The following entries should be restated word for word, pictures excluded.
[Records for the exercise Boundary: Start]
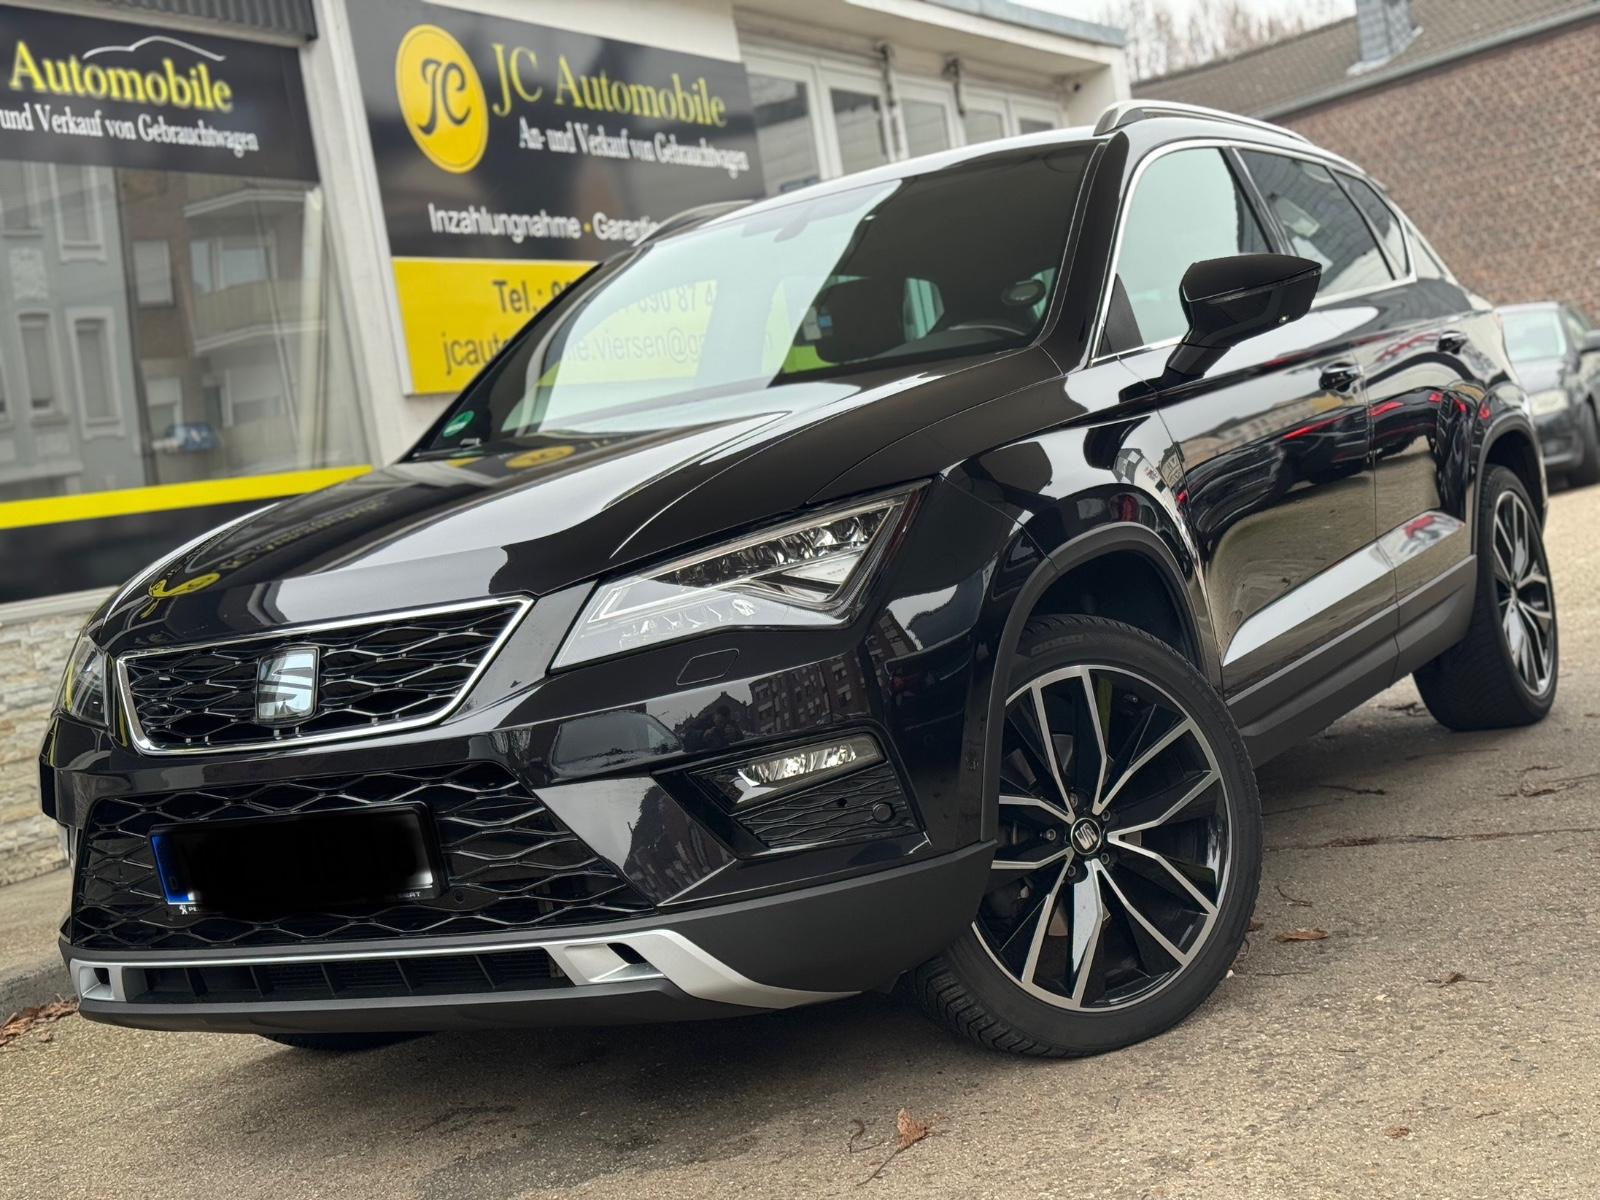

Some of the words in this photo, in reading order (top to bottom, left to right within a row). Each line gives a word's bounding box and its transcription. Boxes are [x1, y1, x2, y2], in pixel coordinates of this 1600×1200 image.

[9, 41, 233, 113] Automobile
[492, 43, 543, 117] JC
[554, 54, 728, 127] Automobile
[0, 102, 34, 131] und
[33, 104, 103, 137] Verkauf
[104, 119, 137, 140] von
[138, 113, 259, 158] Gebrauchtwagen
[545, 121, 577, 154] und
[574, 122, 631, 159] Verkauf
[629, 139, 656, 162] von
[654, 132, 750, 179] Gebrauchtwagen
[428, 202, 581, 243] Inzahlungnahme
[Records for the exercise Boundary: End]
▸ Exercise answer:
Some of the words in this photo, in reading order (top to bottom, left to right within a row). Each line gives a word's bounding box and its transcription. Boxes are [x1, y1, x2, y2], in pixel coordinates of this 1600×1200 image.

[9, 41, 233, 113] Automobile
[492, 43, 543, 117] JC
[554, 54, 728, 127] Automobile
[0, 102, 34, 131] und
[33, 104, 103, 137] Verkauf
[104, 119, 137, 140] von
[138, 113, 259, 158] Gebrauchtwagen
[545, 121, 577, 154] und
[574, 122, 631, 159] Verkauf
[629, 139, 656, 162] von
[654, 132, 750, 179] Gebrauchtwagen
[428, 202, 581, 243] Inzahlungnahme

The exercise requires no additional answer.